▶ PROBLEM STATEMENT: What you return must match the listing exactly, with every image removed.

▶ RECORDS PROVIDED:
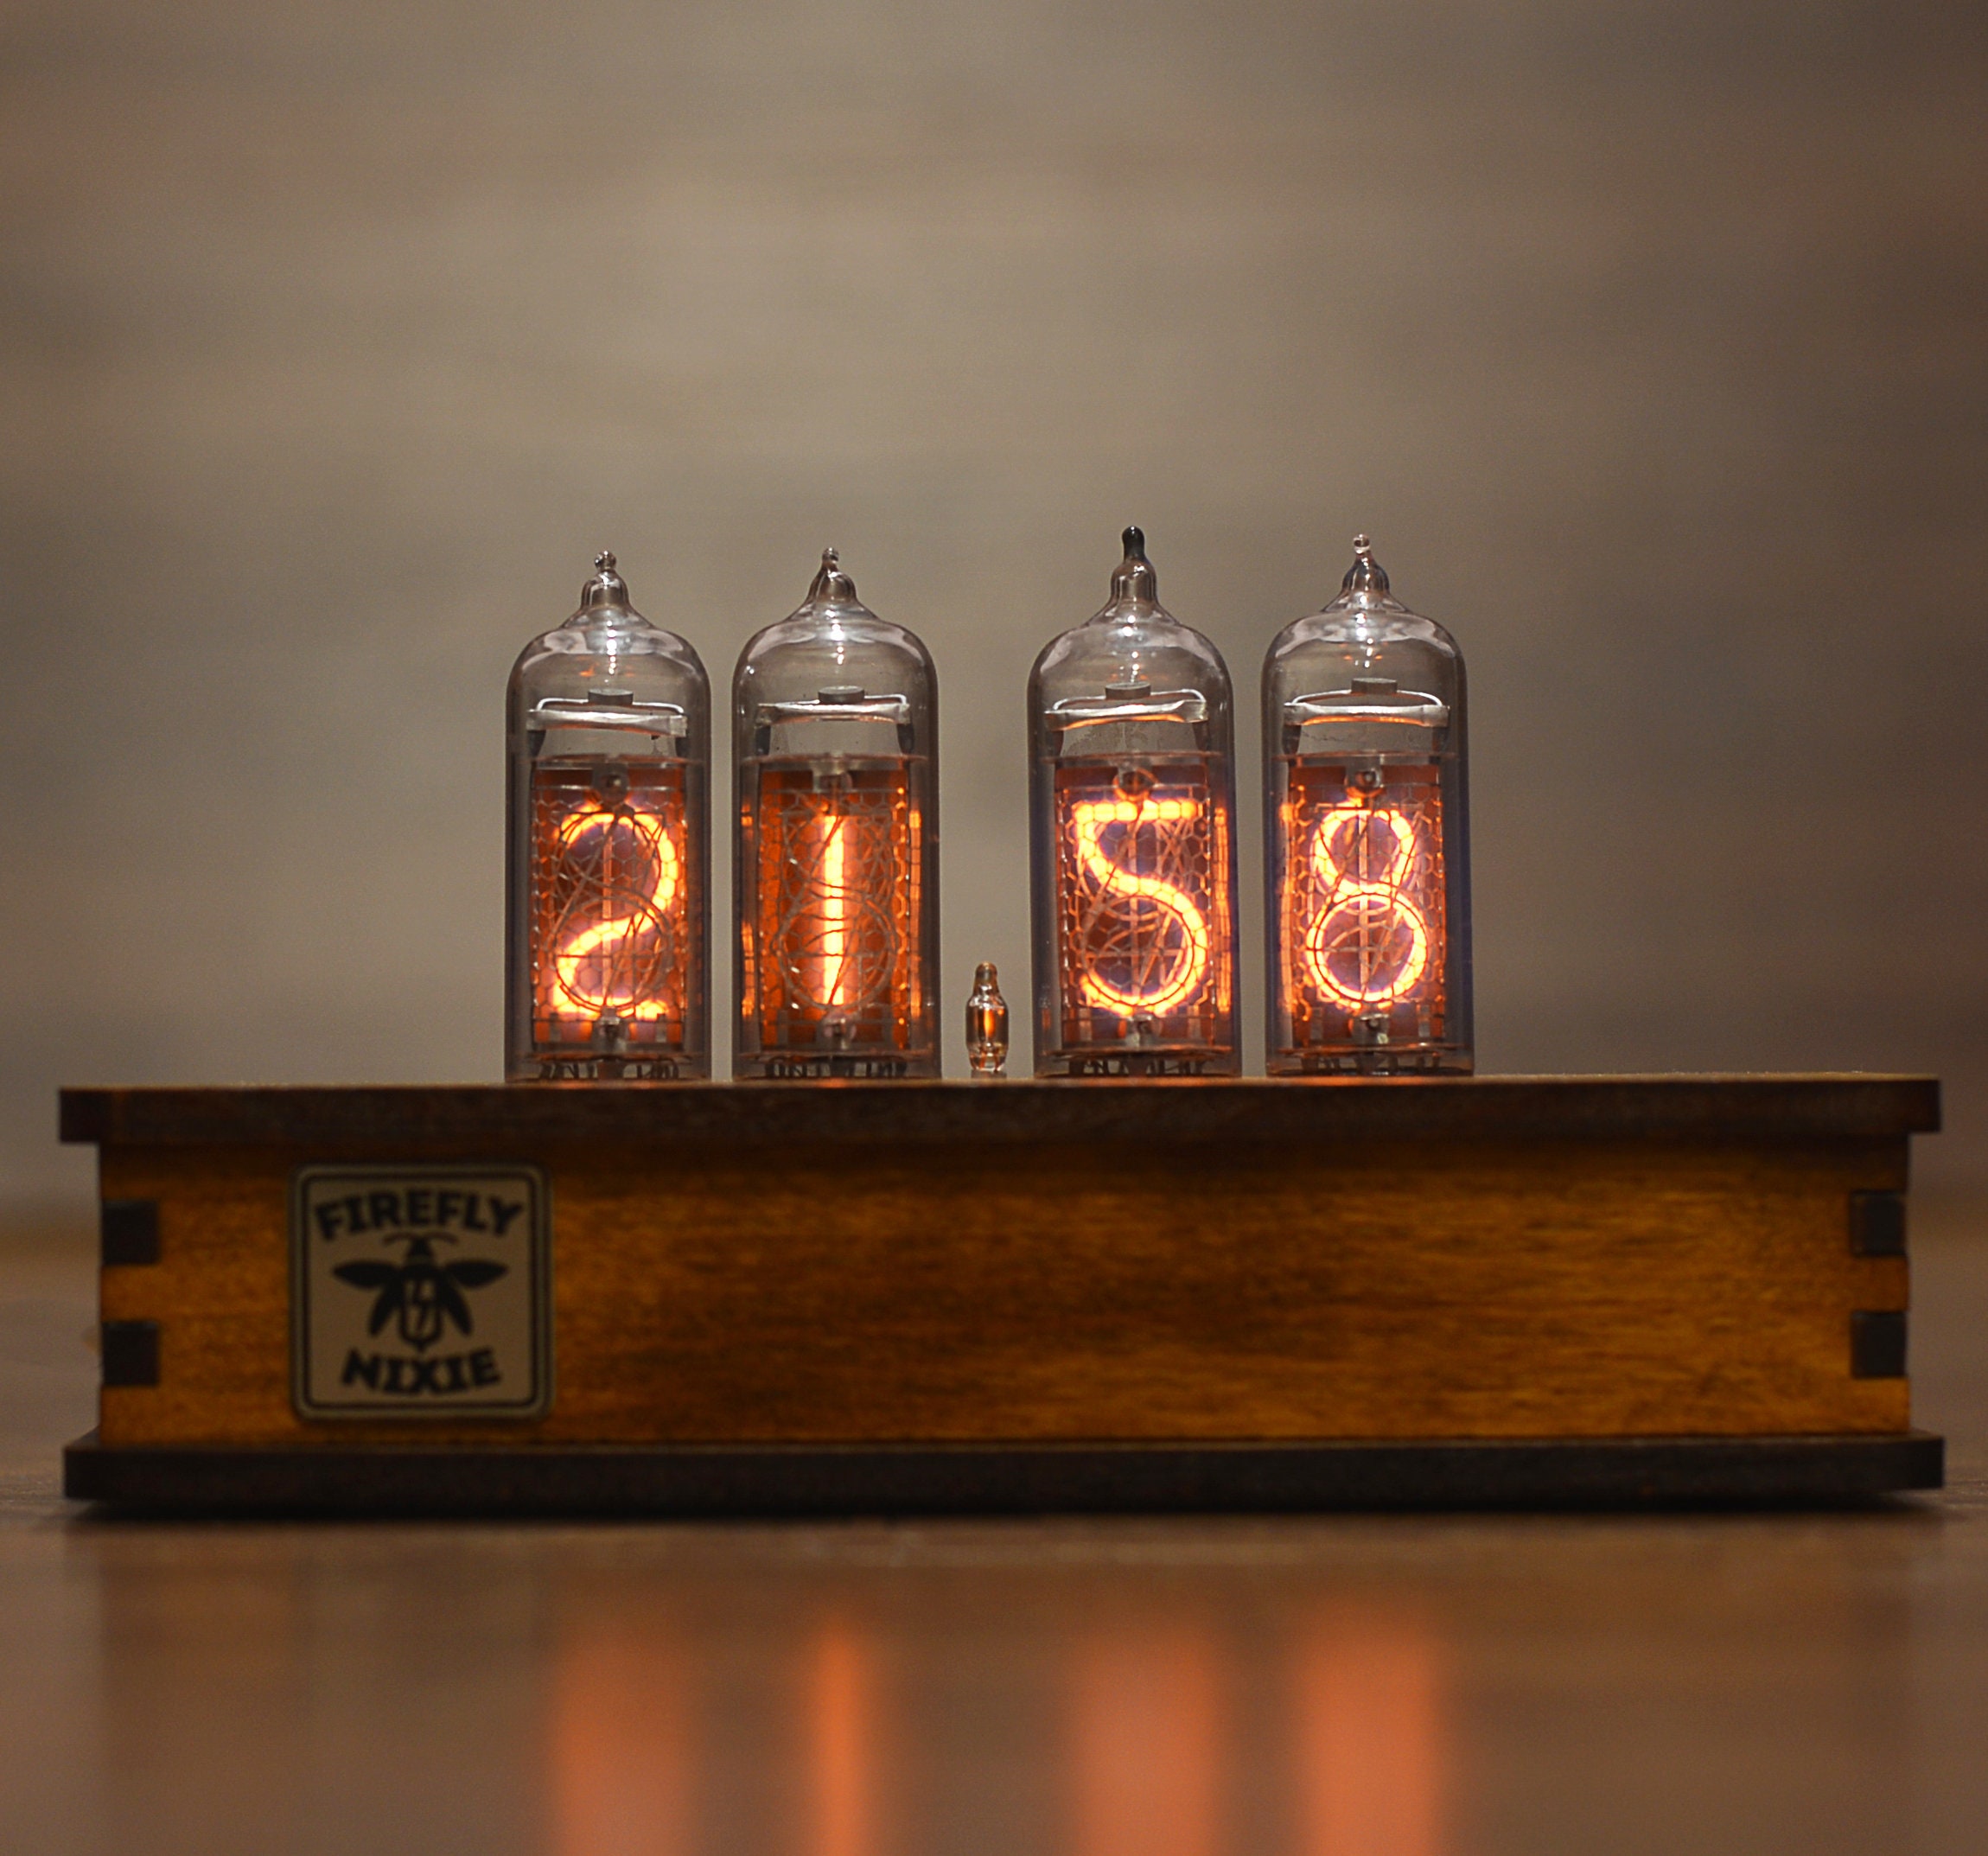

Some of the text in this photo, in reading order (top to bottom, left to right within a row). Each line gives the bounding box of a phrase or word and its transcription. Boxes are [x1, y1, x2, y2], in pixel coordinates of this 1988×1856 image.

[552, 800, 1429, 1020] 2 1 5 8
[315, 1189, 523, 1242] FIREFLY
[341, 1346, 502, 1395] NIXIE
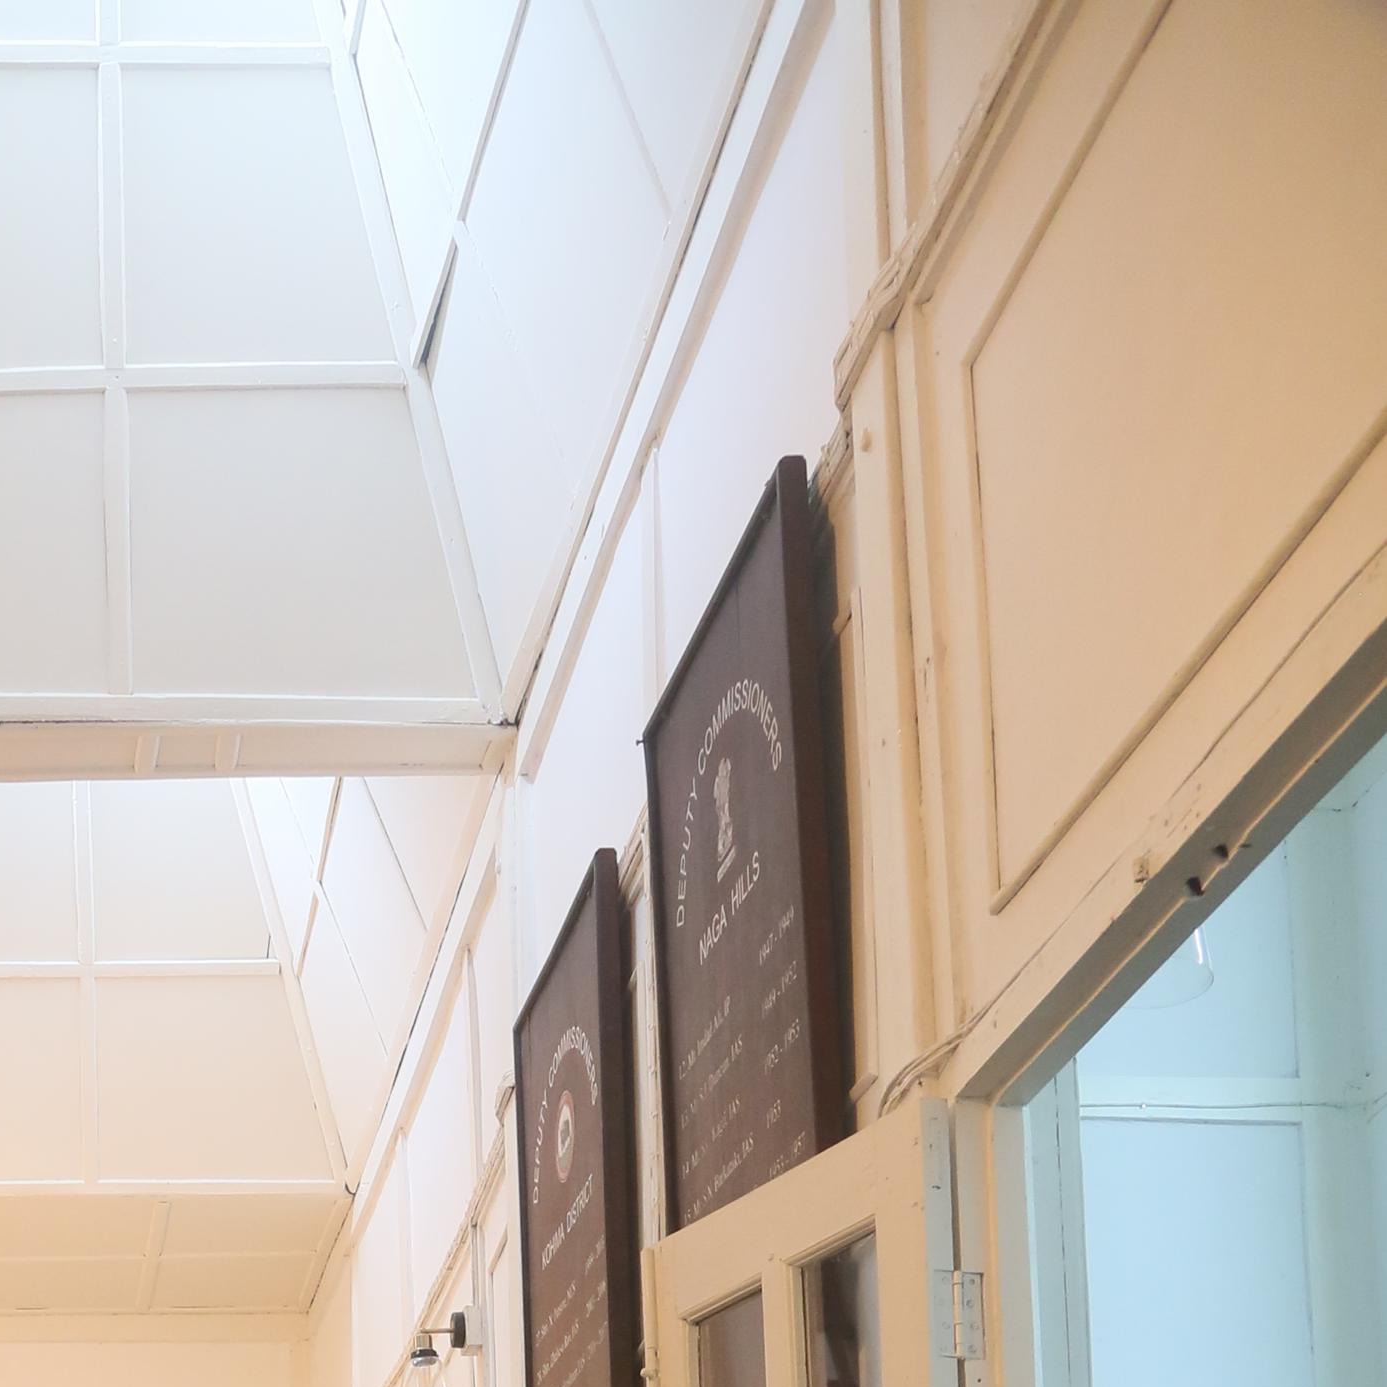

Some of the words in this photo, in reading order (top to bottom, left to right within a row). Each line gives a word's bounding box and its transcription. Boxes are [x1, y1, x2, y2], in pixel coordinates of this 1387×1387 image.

[675, 777, 700, 928] DEPUTY
[698, 677, 782, 771] COMMISSIONERS
[699, 903, 727, 966] NAGA
[730, 850, 761, 916] HILLS
[730, 1030, 743, 1063] IAS
[533, 1088, 549, 1206] DEPUTY
[548, 1024, 598, 1106] COMMISSIONERS
[542, 1222, 567, 1271] KOHIMA
[566, 1173, 594, 1236] DISTRICT
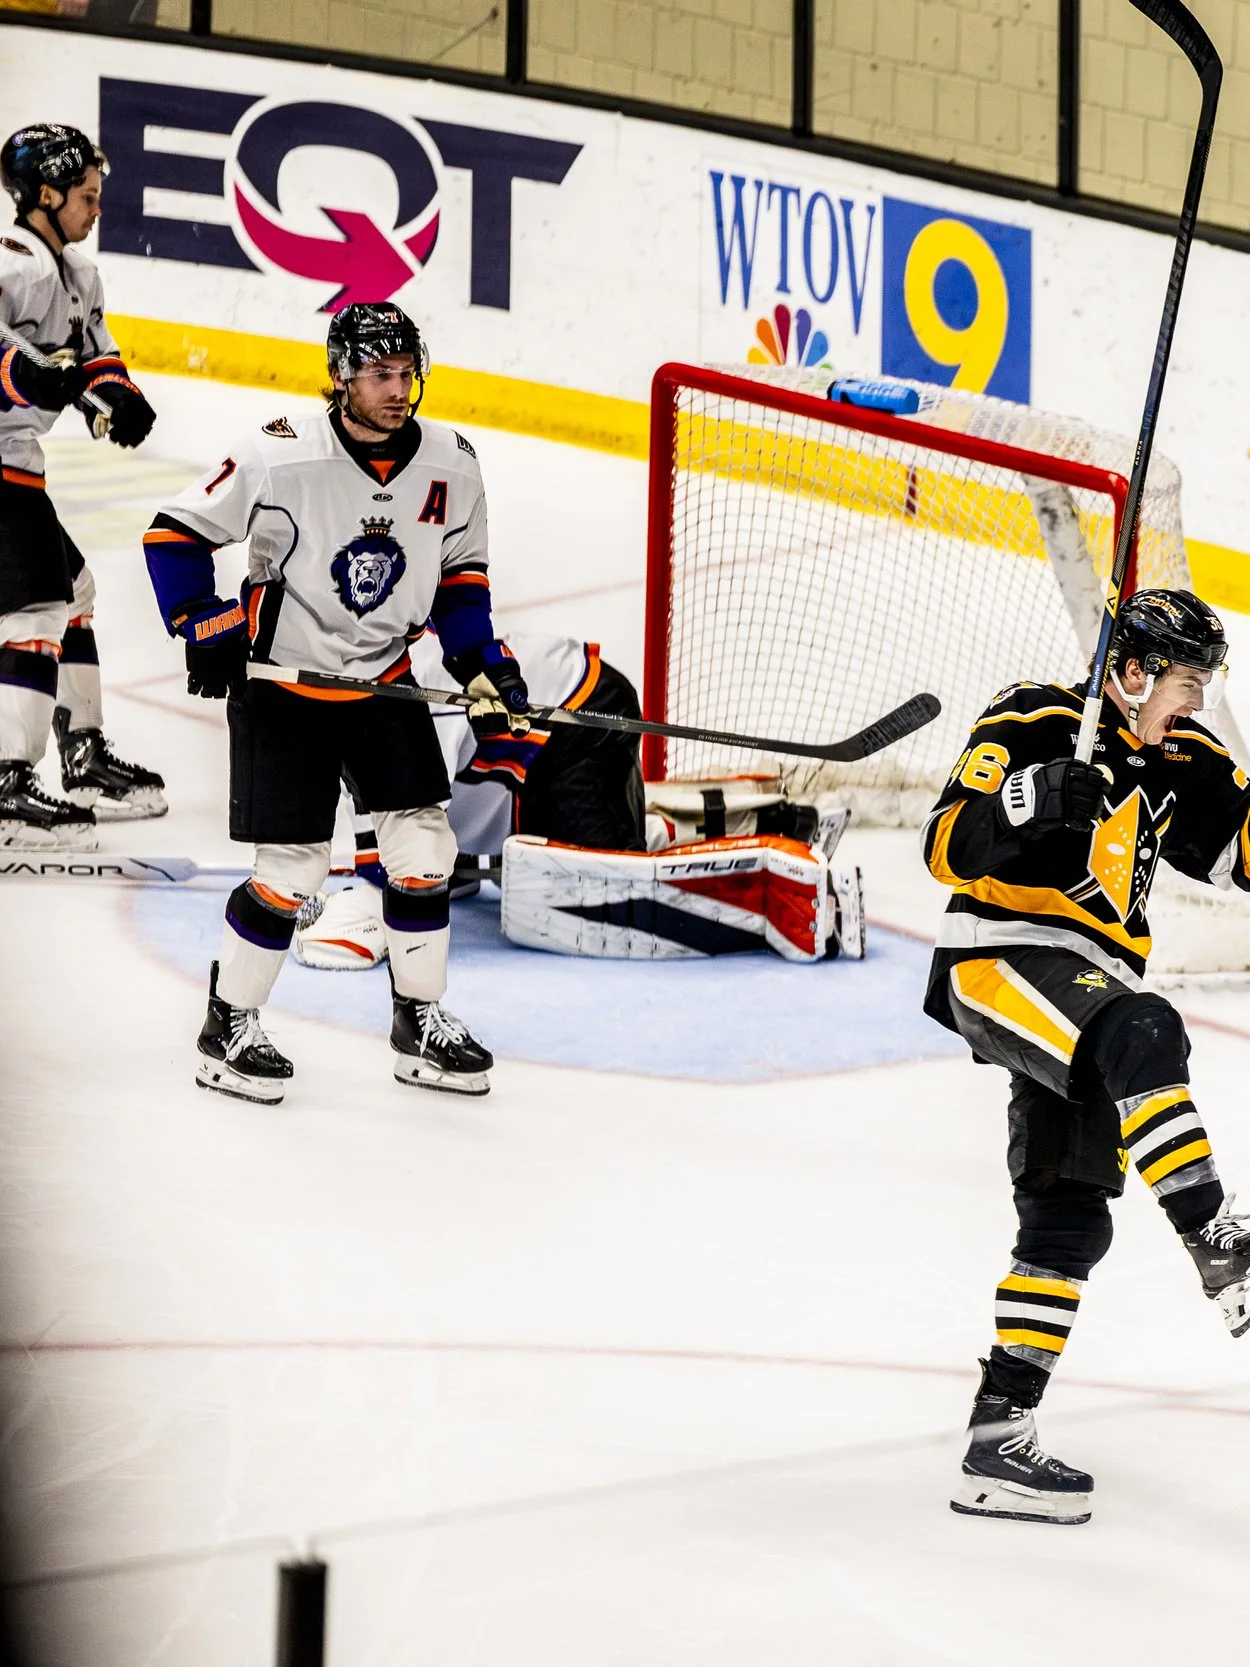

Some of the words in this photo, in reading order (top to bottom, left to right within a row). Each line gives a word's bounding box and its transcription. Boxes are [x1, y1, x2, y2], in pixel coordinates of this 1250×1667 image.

[98, 76, 585, 313] EQT
[709, 170, 876, 336] WTOV
[904, 218, 1009, 394] 9
[417, 480, 448, 526] A

▶ ANSWER SPACE:
Some of the text in this photo, in reading order (top to bottom, left to right within a row). Each line gives the bounding box of a phrase or word and its transcription. Boxes are [x1, y1, x2, y2], in pixel coordinates of this 1988×1856 image.

[552, 800, 1429, 1020] 2 1 5 8
[315, 1189, 523, 1242] FIREFLY
[341, 1346, 502, 1395] NIXIE

Some of the words in this photo, in reading order (top to bottom, left to right within a row). Each line gives a word's bounding box and its transcription. Boxes are [x1, y1, x2, y2], in pixel coordinates of this 1387×1387 image.

[675, 777, 700, 928] DEPUTY
[698, 677, 782, 771] COMMISSIONERS
[699, 903, 727, 966] NAGA
[730, 850, 761, 916] HILLS
[730, 1030, 743, 1063] IAS
[533, 1088, 549, 1206] DEPUTY
[548, 1024, 598, 1106] COMMISSIONERS
[542, 1222, 567, 1271] KOHIMA
[566, 1173, 594, 1236] DISTRICT

Some of the words in this photo, in reading order (top to bottom, left to right within a row). Each line gives a word's bounding box and its transcription. Boxes are [x1, y1, x2, y2], in pixel coordinates of this 1250×1667 image.

[98, 76, 585, 313] EQT
[709, 170, 876, 336] WTOV
[904, 218, 1009, 394] 9
[417, 480, 448, 526] A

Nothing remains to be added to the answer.